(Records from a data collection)
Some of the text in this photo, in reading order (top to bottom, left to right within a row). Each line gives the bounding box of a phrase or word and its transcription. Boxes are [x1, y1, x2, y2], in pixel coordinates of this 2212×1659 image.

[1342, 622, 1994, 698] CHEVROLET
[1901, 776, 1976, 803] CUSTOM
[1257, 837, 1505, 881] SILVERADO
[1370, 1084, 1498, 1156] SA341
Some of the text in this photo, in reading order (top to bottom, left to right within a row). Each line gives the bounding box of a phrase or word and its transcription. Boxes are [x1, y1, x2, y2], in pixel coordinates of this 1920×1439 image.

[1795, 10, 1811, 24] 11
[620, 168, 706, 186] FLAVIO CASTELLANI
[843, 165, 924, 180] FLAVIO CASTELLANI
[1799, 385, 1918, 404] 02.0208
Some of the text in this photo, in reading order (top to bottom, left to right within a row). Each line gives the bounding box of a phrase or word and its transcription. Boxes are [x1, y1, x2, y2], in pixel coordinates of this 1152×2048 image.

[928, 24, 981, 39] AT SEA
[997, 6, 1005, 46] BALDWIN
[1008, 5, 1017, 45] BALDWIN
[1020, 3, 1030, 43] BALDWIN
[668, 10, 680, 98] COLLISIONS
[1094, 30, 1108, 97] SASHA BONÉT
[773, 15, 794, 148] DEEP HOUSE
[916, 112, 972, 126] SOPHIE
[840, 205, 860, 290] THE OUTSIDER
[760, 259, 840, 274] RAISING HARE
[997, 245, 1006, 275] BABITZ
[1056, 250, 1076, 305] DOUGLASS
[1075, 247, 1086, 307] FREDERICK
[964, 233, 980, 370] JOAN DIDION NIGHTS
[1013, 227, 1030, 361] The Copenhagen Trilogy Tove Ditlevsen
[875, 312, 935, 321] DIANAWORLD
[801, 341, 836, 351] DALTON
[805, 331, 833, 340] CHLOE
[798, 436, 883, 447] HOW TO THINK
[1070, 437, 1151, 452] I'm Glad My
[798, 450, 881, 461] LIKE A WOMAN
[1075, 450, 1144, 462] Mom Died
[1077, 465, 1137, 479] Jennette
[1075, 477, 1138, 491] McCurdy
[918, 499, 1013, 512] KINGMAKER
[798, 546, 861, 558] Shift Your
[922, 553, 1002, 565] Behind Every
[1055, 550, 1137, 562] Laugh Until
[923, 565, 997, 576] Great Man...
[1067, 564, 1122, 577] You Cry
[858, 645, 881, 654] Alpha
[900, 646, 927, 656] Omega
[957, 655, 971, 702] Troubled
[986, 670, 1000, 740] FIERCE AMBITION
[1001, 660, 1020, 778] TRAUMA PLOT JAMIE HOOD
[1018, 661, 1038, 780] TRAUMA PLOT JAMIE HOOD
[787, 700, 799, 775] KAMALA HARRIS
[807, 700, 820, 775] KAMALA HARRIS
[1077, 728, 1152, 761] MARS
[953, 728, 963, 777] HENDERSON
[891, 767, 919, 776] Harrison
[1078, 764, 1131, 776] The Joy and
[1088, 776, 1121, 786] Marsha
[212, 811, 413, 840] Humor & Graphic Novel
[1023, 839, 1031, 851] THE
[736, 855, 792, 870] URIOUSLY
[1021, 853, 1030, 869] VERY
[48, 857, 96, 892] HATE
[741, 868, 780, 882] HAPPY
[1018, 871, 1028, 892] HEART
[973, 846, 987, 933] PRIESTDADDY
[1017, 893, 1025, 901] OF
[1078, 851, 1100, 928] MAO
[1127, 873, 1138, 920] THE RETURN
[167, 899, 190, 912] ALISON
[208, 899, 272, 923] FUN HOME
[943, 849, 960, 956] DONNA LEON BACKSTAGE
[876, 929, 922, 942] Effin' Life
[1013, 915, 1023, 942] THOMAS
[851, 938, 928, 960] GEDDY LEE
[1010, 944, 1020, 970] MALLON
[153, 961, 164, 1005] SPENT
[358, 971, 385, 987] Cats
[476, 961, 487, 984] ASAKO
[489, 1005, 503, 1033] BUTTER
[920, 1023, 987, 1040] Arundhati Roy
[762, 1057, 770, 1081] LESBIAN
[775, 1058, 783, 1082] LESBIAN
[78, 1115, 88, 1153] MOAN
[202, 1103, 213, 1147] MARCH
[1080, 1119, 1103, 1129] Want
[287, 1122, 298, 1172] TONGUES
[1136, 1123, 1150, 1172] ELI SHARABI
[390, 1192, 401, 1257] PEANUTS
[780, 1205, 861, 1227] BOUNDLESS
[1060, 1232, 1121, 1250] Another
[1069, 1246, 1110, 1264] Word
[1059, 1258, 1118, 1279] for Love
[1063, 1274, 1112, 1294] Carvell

What you are asked to do — Each line of the data is to be retyped exactly.

Solved exercise —
Some of the text in this photo, in reading order (top to bottom, left to right within a row). Each line gives the bounding box of a phrase or word and its transcription. Boxes are [x1, y1, x2, y2], in pixel coordinates of this 2212×1659 image.

[1342, 622, 1994, 698] CHEVROLET
[1901, 776, 1976, 803] CUSTOM
[1257, 837, 1505, 881] SILVERADO
[1370, 1084, 1498, 1156] SA341
Some of the text in this photo, in reading order (top to bottom, left to right within a row). Each line gives the bounding box of a phrase or word and its transcription. Boxes are [x1, y1, x2, y2], in pixel coordinates of this 1920×1439 image.

[1795, 10, 1811, 24] 11
[620, 168, 706, 186] FLAVIO CASTELLANI
[843, 165, 924, 180] FLAVIO CASTELLANI
[1799, 385, 1918, 404] 02.0208
Some of the text in this photo, in reading order (top to bottom, left to right within a row). Each line gives the bounding box of a phrase or word and its transcription. Boxes are [x1, y1, x2, y2], in pixel coordinates of this 1152×2048 image.

[928, 24, 981, 39] AT SEA
[997, 6, 1005, 46] BALDWIN
[1008, 5, 1017, 45] BALDWIN
[1020, 3, 1030, 43] BALDWIN
[668, 10, 680, 98] COLLISIONS
[1094, 30, 1108, 97] SASHA BONÉT
[773, 15, 794, 148] DEEP HOUSE
[916, 112, 972, 126] SOPHIE
[840, 205, 860, 290] THE OUTSIDER
[760, 259, 840, 274] RAISING HARE
[997, 245, 1006, 275] BABITZ
[1056, 250, 1076, 305] DOUGLASS
[1075, 247, 1086, 307] FREDERICK
[964, 233, 980, 370] JOAN DIDION NIGHTS
[1013, 227, 1030, 361] The Copenhagen Trilogy Tove Ditlevsen
[875, 312, 935, 321] DIANAWORLD
[801, 341, 836, 351] DALTON
[805, 331, 833, 340] CHLOE
[798, 436, 883, 447] HOW TO THINK
[1070, 437, 1151, 452] I'm Glad My
[798, 450, 881, 461] LIKE A WOMAN
[1075, 450, 1144, 462] Mom Died
[1077, 465, 1137, 479] Jennette
[1075, 477, 1138, 491] McCurdy
[918, 499, 1013, 512] KINGMAKER
[798, 546, 861, 558] Shift Your
[922, 553, 1002, 565] Behind Every
[1055, 550, 1137, 562] Laugh Until
[923, 565, 997, 576] Great Man...
[1067, 564, 1122, 577] You Cry
[858, 645, 881, 654] Alpha
[900, 646, 927, 656] Omega
[957, 655, 971, 702] Troubled
[986, 670, 1000, 740] FIERCE AMBITION
[1001, 660, 1020, 778] TRAUMA PLOT JAMIE HOOD
[1018, 661, 1038, 780] TRAUMA PLOT JAMIE HOOD
[787, 700, 799, 775] KAMALA HARRIS
[807, 700, 820, 775] KAMALA HARRIS
[1077, 728, 1152, 761] MARS
[953, 728, 963, 777] HENDERSON
[891, 767, 919, 776] Harrison
[1078, 764, 1131, 776] The Joy and
[1088, 776, 1121, 786] Marsha
[212, 811, 413, 840] Humor & Graphic Novel
[1023, 839, 1031, 851] THE
[736, 855, 792, 870] URIOUSLY
[1021, 853, 1030, 869] VERY
[48, 857, 96, 892] HATE
[741, 868, 780, 882] HAPPY
[1018, 871, 1028, 892] HEART
[973, 846, 987, 933] PRIESTDADDY
[1017, 893, 1025, 901] OF
[1078, 851, 1100, 928] MAO
[1127, 873, 1138, 920] THE RETURN
[167, 899, 190, 912] ALISON
[208, 899, 272, 923] FUN HOME
[943, 849, 960, 956] DONNA LEON BACKSTAGE
[876, 929, 922, 942] Effin' Life
[1013, 915, 1023, 942] THOMAS
[851, 938, 928, 960] GEDDY LEE
[1010, 944, 1020, 970] MALLON
[153, 961, 164, 1005] SPENT
[358, 971, 385, 987] Cats
[476, 961, 487, 984] ASAKO
[489, 1005, 503, 1033] BUTTER
[920, 1023, 987, 1040] Arundhati Roy
[762, 1057, 770, 1081] LESBIAN
[775, 1058, 783, 1082] LESBIAN
[78, 1115, 88, 1153] MOAN
[202, 1103, 213, 1147] MARCH
[1080, 1119, 1103, 1129] Want
[287, 1122, 298, 1172] TONGUES
[1136, 1123, 1150, 1172] ELI SHARABI
[390, 1192, 401, 1257] PEANUTS
[780, 1205, 861, 1227] BOUNDLESS
[1060, 1232, 1121, 1250] Another
[1069, 1246, 1110, 1264] Word
[1059, 1258, 1118, 1279] for Love
[1063, 1274, 1112, 1294] Carvell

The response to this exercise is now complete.